> **YOUR GOAL**: Give back the full listing verbatim, apart from its images.

> **INFORMATION GIVEN**:
=-=-=-=-=

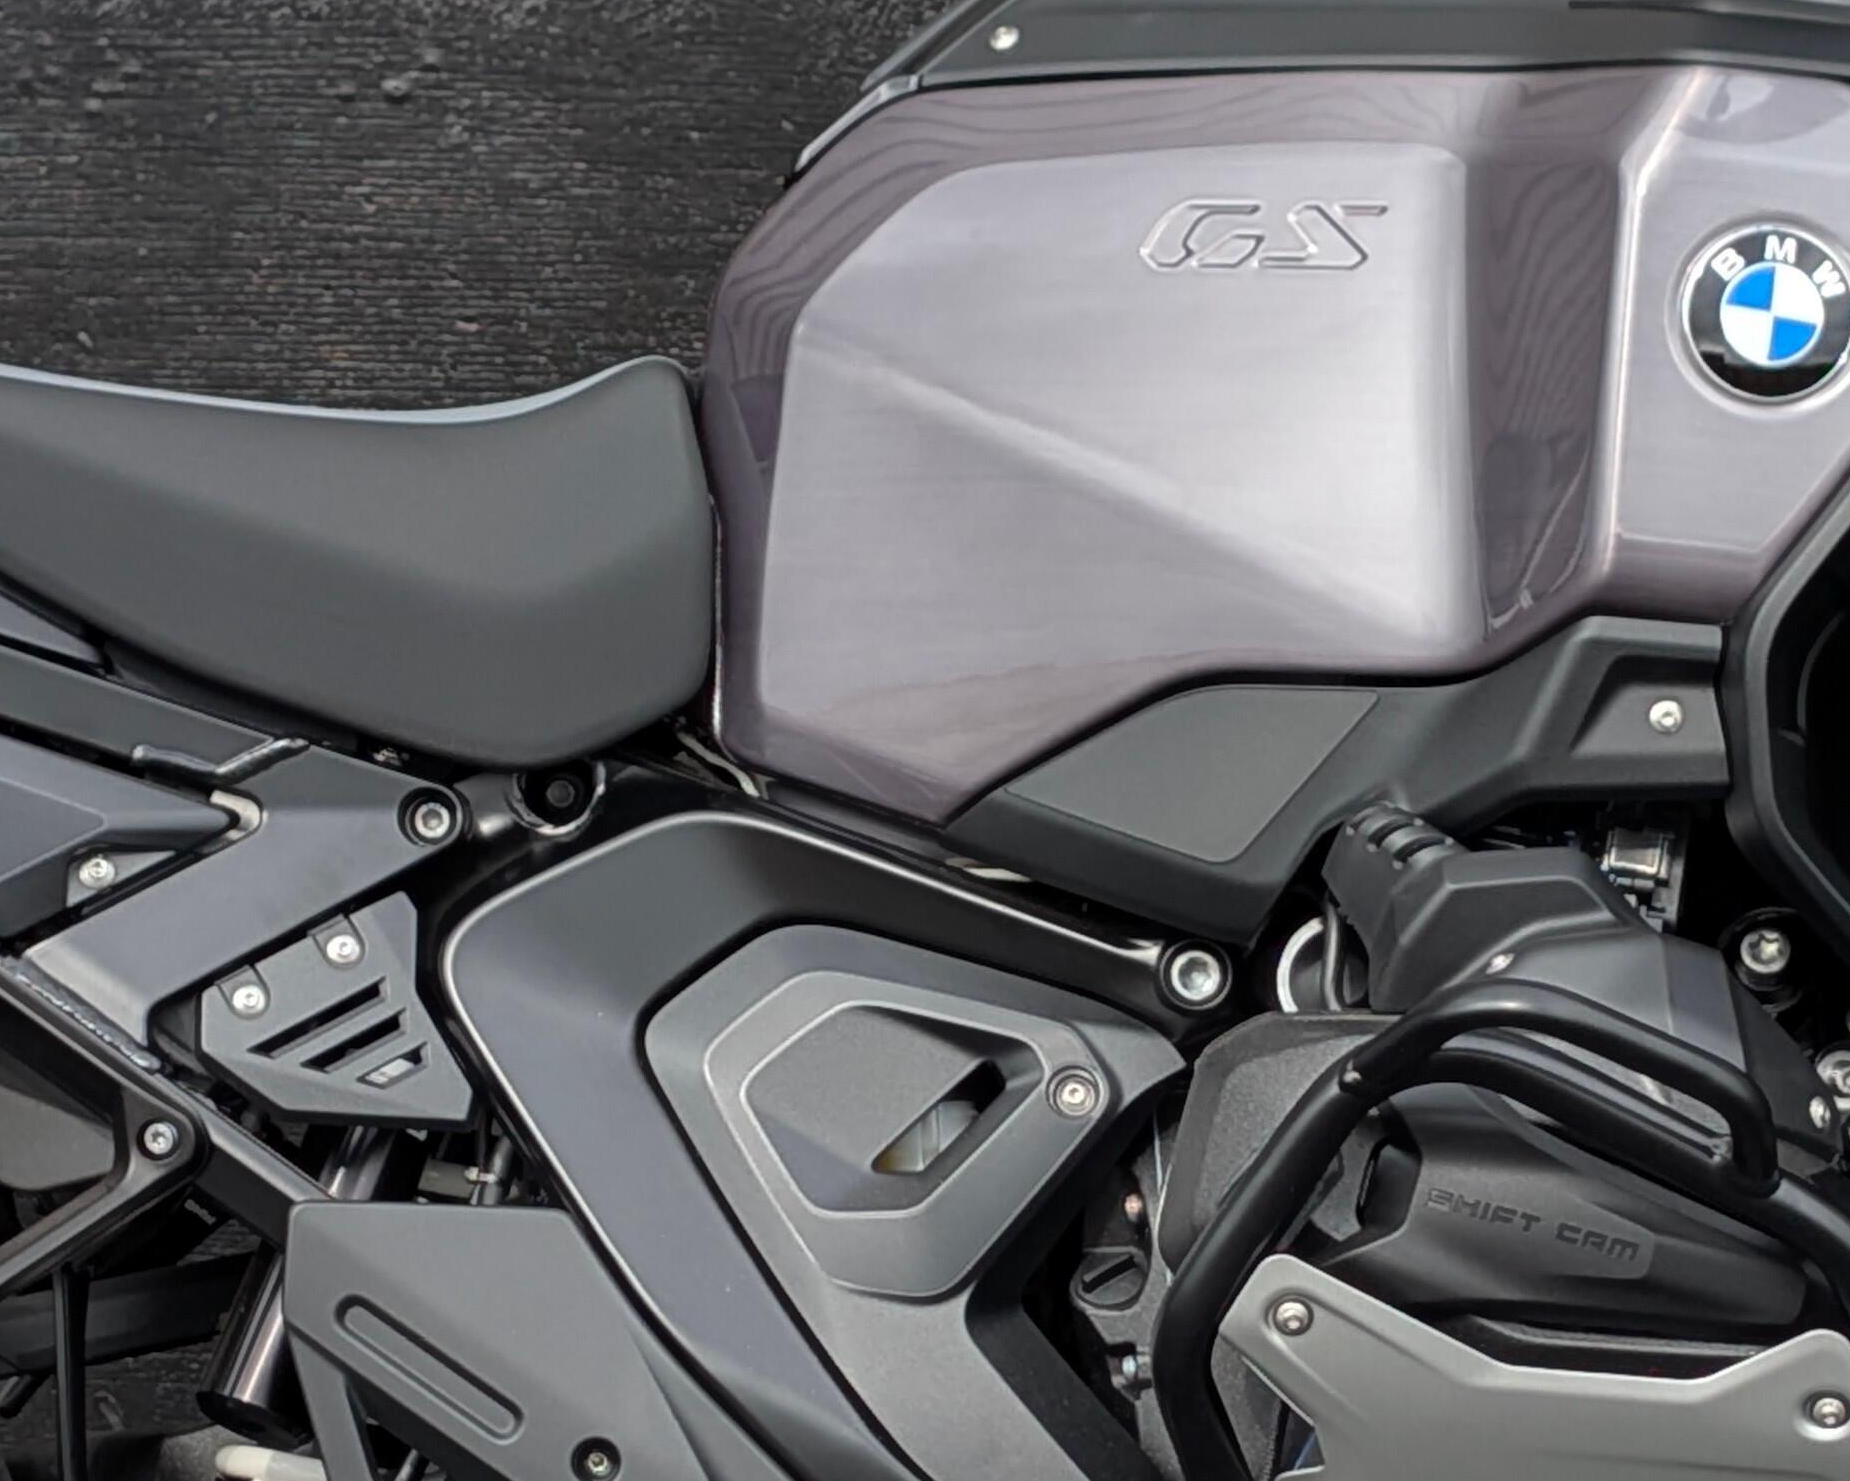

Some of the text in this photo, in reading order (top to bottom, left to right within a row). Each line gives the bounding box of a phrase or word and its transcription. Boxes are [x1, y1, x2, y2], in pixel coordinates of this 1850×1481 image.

[1139, 199, 1390, 271] GS
[1710, 234, 1847, 299] BMW
[1425, 1186, 1641, 1264] SHIFT CAM
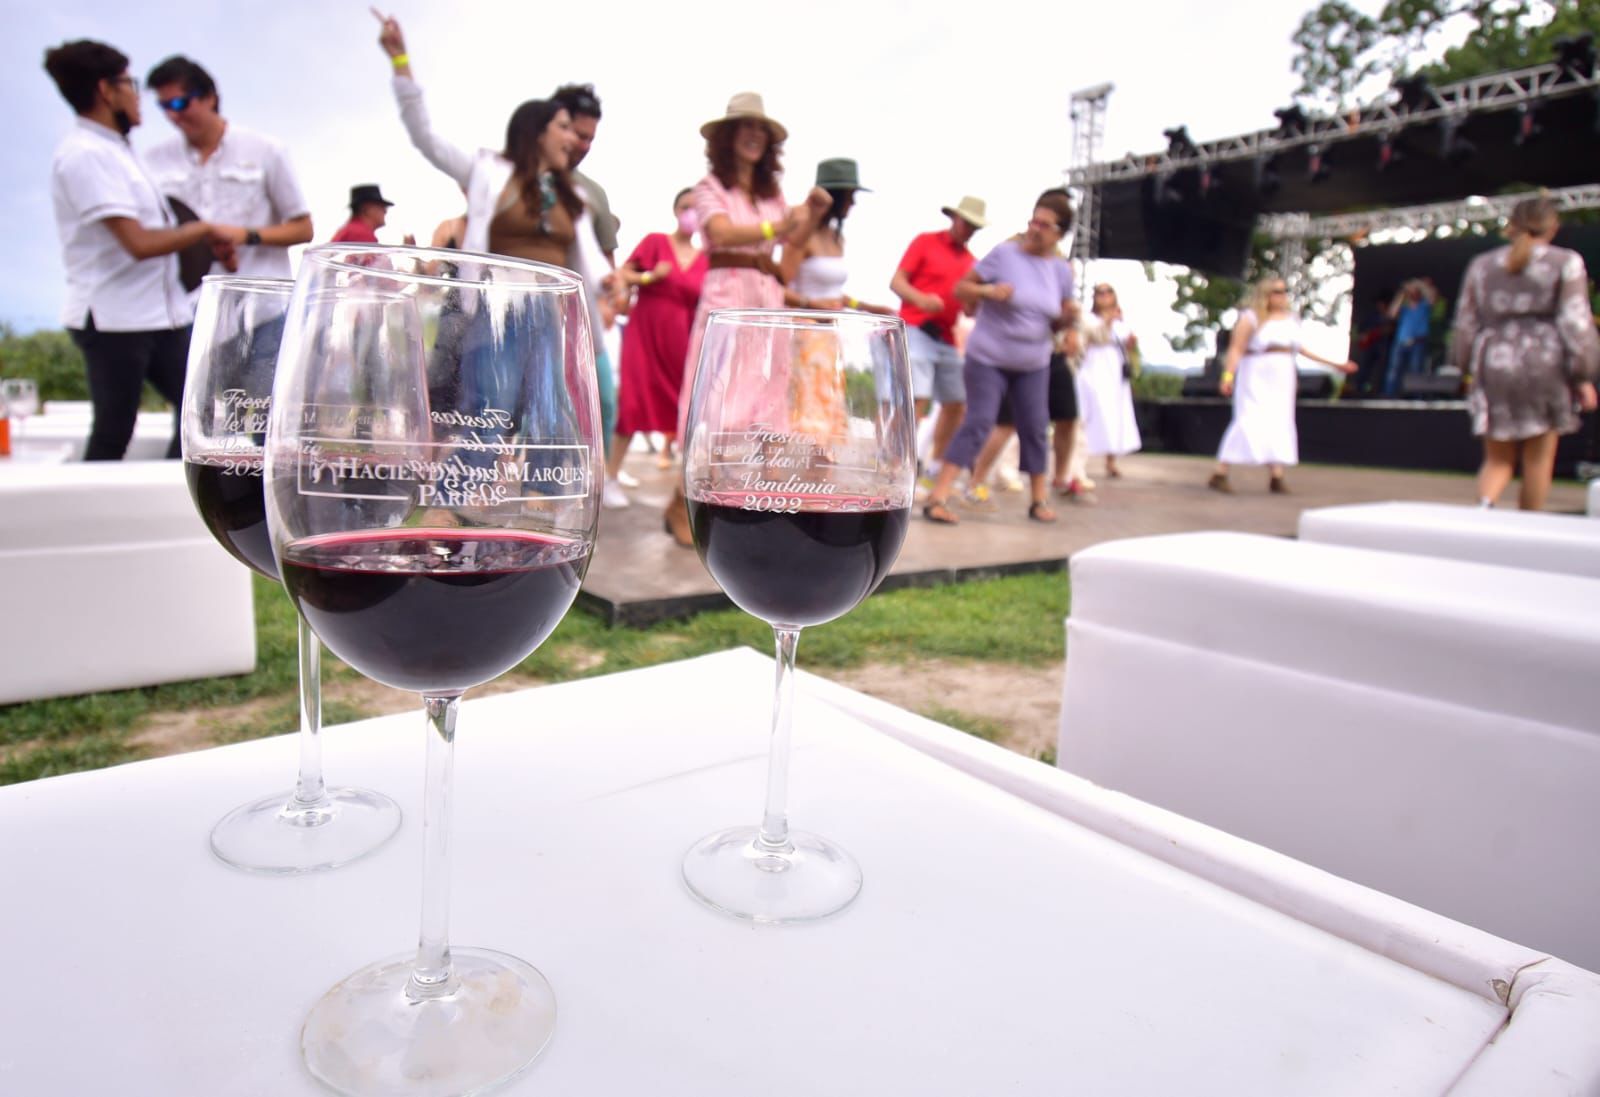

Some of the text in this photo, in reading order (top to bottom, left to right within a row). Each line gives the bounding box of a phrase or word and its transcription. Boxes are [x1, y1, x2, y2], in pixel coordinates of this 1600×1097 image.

[223, 388, 273, 409] Fiest
[221, 459, 265, 477] 202
[740, 471, 837, 495] Vendimia
[741, 494, 802, 514] 2022
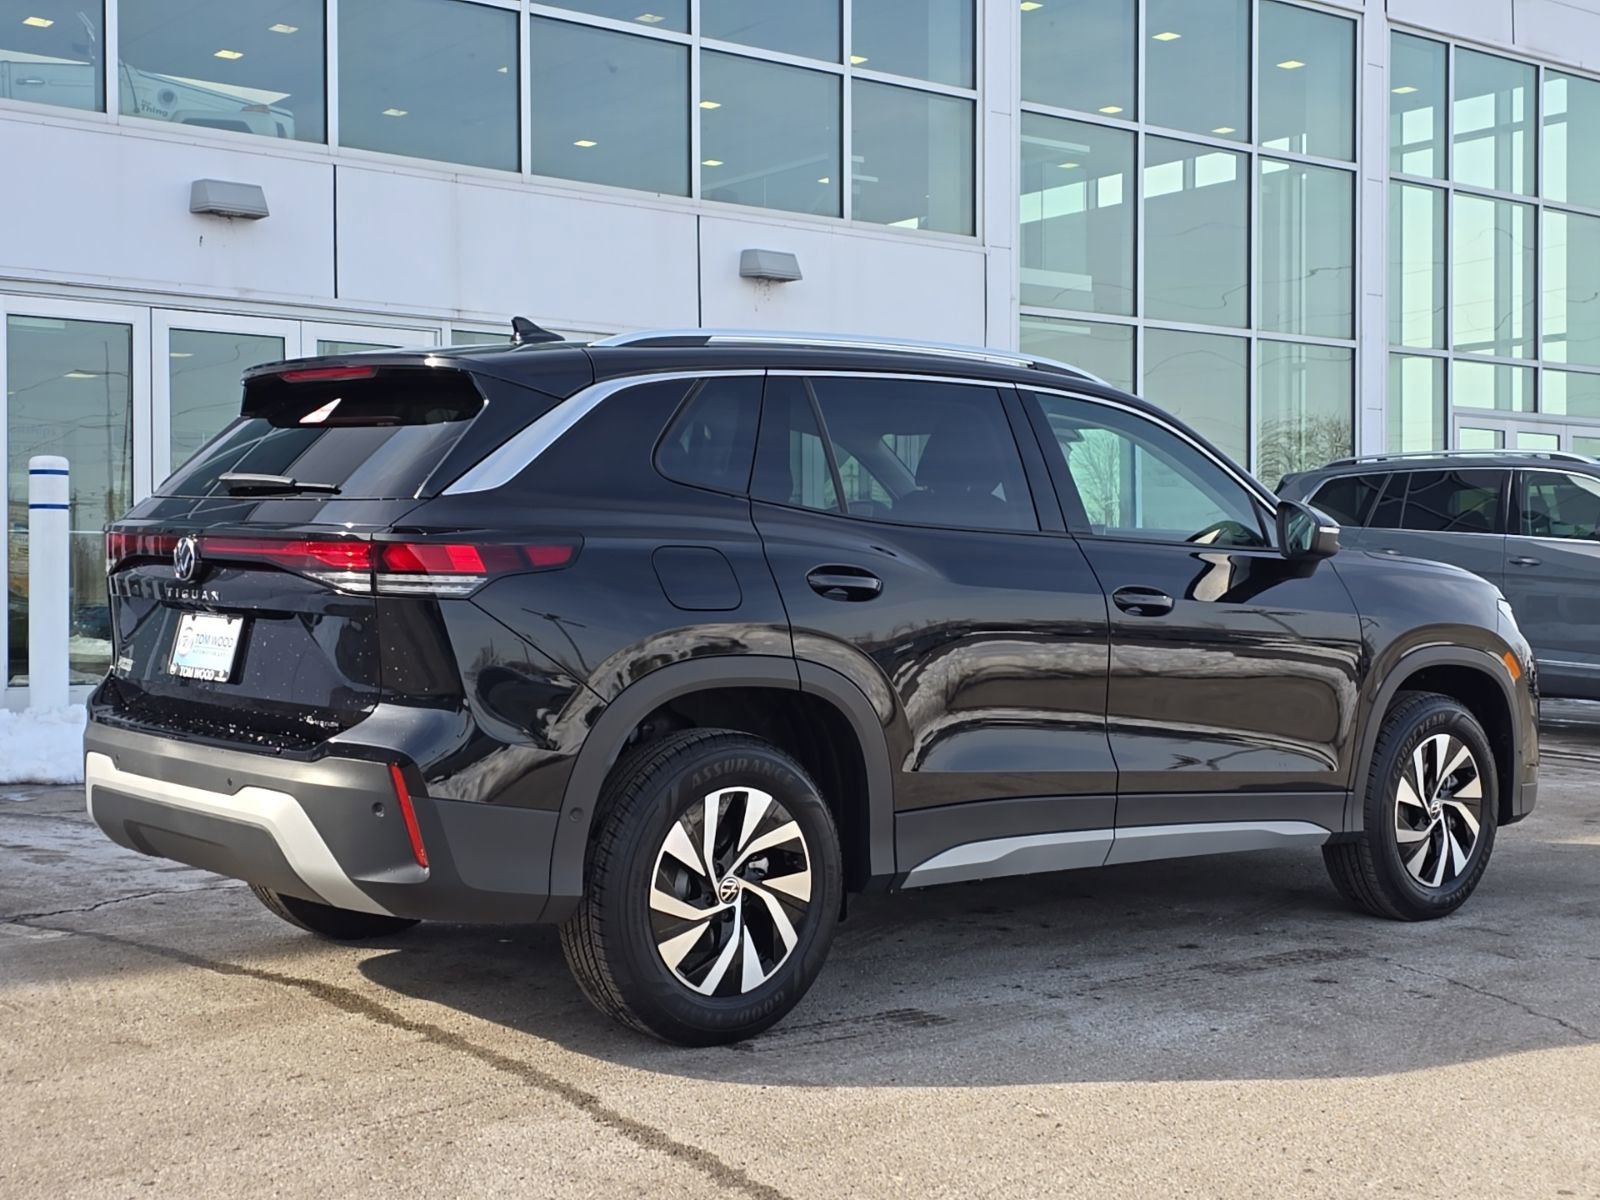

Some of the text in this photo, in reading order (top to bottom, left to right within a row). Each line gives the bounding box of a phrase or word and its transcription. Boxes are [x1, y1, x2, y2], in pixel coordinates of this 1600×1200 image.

[141, 104, 168, 117] Thing
[165, 587, 220, 601] TIGUAN
[195, 633, 211, 645] TOM
[211, 634, 234, 648] WOOD
[179, 666, 194, 678] TOM
[194, 668, 215, 681] WOOD
[1393, 713, 1447, 780] GOODYEAR
[691, 758, 797, 789] ASSURANCE

=-=-=-=-=

> **RESULT OF THIS EXERCISE**:
Some of the text in this photo, in reading order (top to bottom, left to right within a row). Each line gives the bounding box of a phrase or word and its transcription. Boxes are [x1, y1, x2, y2], in pixel coordinates of this 1850×1481 image.

[1139, 199, 1390, 271] GS
[1710, 234, 1847, 299] BMW
[1425, 1186, 1641, 1264] SHIFT CAM

Some of the text in this photo, in reading order (top to bottom, left to right within a row). Each line gives the bounding box of a phrase or word and its transcription. Boxes are [x1, y1, x2, y2], in pixel coordinates of this 1600×1097 image.

[223, 388, 273, 409] Fiest
[221, 459, 265, 477] 202
[740, 471, 837, 495] Vendimia
[741, 494, 802, 514] 2022

Some of the text in this photo, in reading order (top to bottom, left to right within a row). Each line gives the bounding box of a phrase or word and its transcription. Boxes are [x1, y1, x2, y2], in pixel coordinates of this 1600×1200 image.

[141, 104, 168, 117] Thing
[165, 587, 220, 601] TIGUAN
[195, 633, 211, 645] TOM
[211, 634, 234, 648] WOOD
[179, 666, 194, 678] TOM
[194, 668, 215, 681] WOOD
[1393, 713, 1447, 780] GOODYEAR
[691, 758, 797, 789] ASSURANCE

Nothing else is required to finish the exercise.